Fifty of the 226 women had bilateral breast cancer; 32.1% (9/28) of BRCA mutation carriers and 20.7% (41/198) of non-carriers. There were 22 synchronous and 28 metachronous cancers and although BRCA mutation carriers had a higher percentage of metachronous cancers (88.9%, 8/9 vs. 48.8%, 20/41), the difference was not statistically significant (P = 0.06).
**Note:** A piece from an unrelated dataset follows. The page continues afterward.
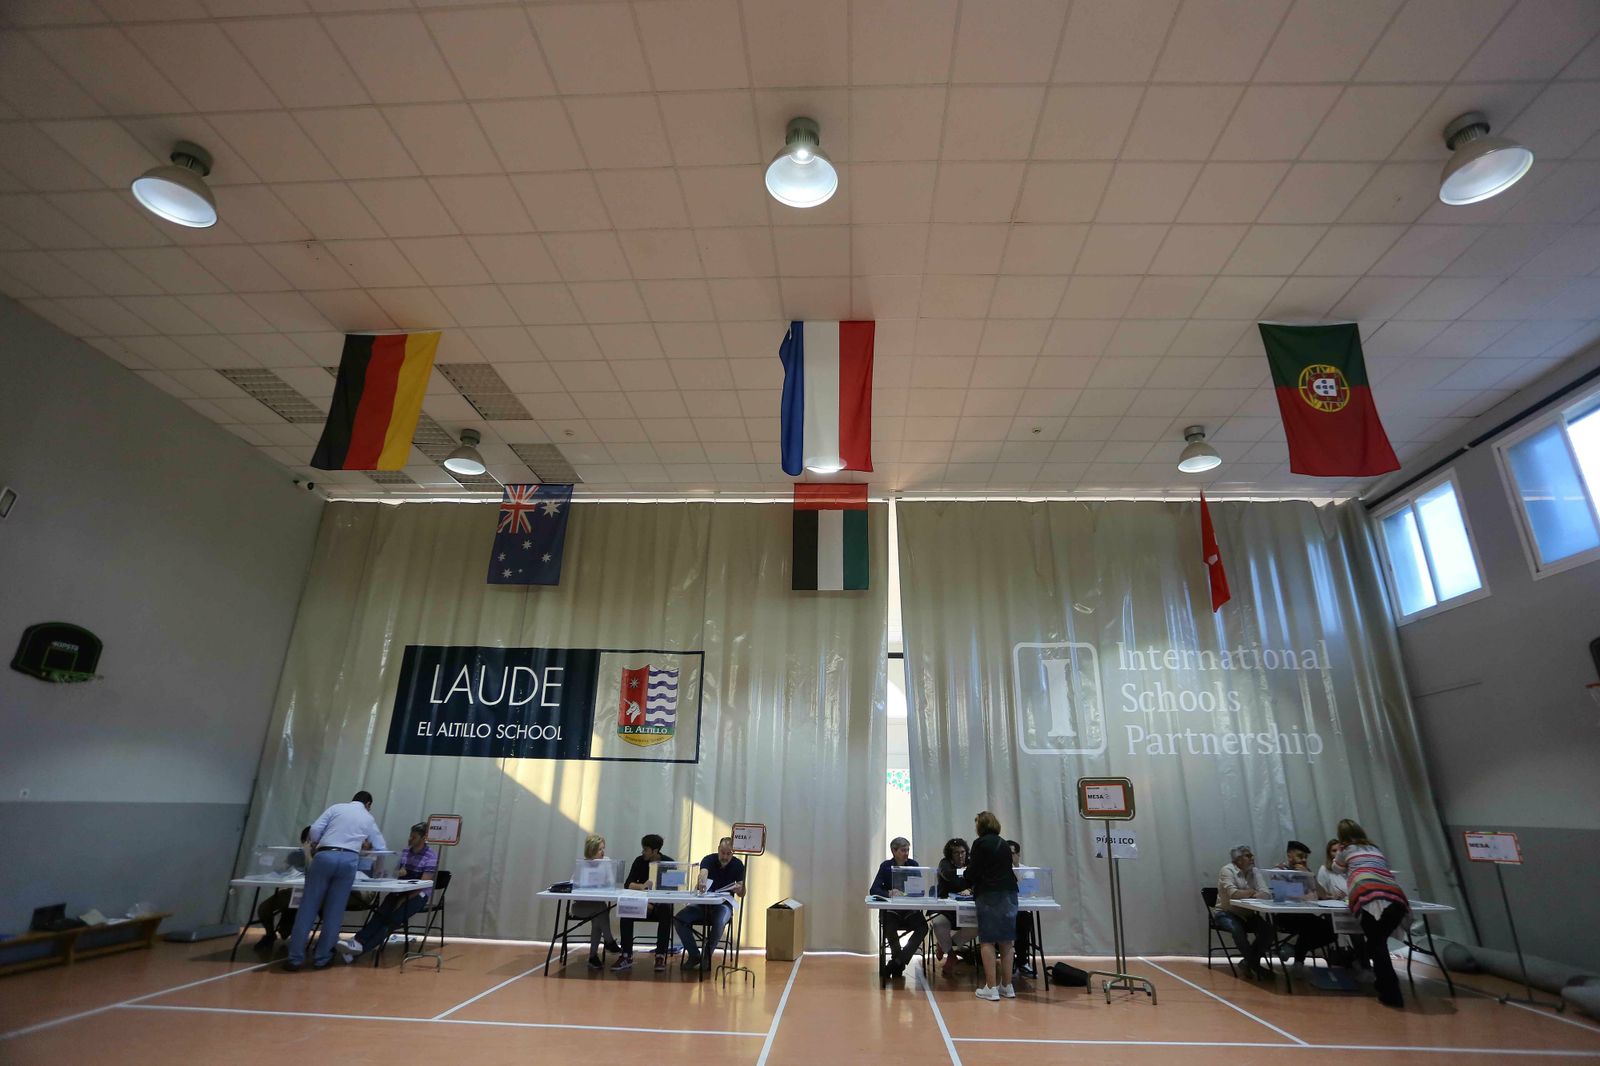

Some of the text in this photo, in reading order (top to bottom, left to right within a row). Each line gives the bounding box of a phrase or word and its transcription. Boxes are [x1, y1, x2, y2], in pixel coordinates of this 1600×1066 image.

Both carriers and non-carriers who were younger than age 40 were significantly more likely to have metachronous cancer than the older group (87.5%, 14/16 vs. 41.2%, 14/34; P = 0.002). The opposite was true for those with age above 40 were synchronous cancer is more likely (12.5%, 2/16 vs. 58.8%, 20/34; P = 0.002) (data not shown). Without family history chance of a women with bilateral breast cancer to carry a BRCA mutation is 10% but this doubles in the presence of family history (Table 6).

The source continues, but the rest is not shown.